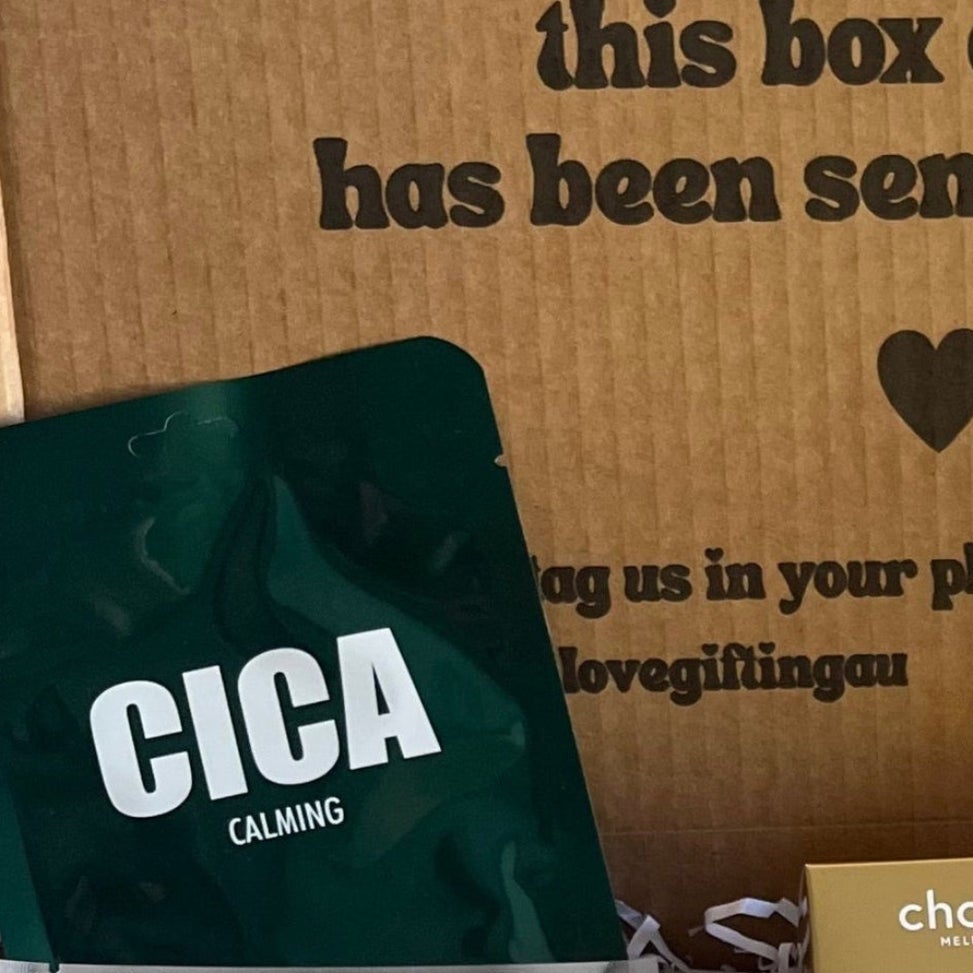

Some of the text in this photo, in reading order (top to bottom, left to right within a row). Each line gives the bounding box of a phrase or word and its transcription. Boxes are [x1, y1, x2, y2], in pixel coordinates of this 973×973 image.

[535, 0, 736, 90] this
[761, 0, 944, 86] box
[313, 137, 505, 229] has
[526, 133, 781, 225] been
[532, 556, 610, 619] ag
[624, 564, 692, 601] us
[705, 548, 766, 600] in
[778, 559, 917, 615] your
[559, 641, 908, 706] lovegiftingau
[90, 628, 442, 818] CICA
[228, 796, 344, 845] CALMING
════════
A word-for-word repetition of the data above, without pictures, is the expected answer.

Worked solution
Some of the text in this photo, in reading order (top to bottom, left to right within a row). Each line gives the bounding box of a phrase or word and its transcription. Boxes are [x1, y1, x2, y2], in pixel coordinates of this 973×973 image.

[535, 0, 736, 90] this
[761, 0, 944, 86] box
[313, 137, 505, 229] has
[526, 133, 781, 225] been
[532, 556, 610, 619] ag
[624, 564, 692, 601] us
[705, 548, 766, 600] in
[778, 559, 917, 615] your
[559, 641, 908, 706] lovegiftingau
[90, 628, 442, 818] CICA
[228, 796, 344, 845] CALMING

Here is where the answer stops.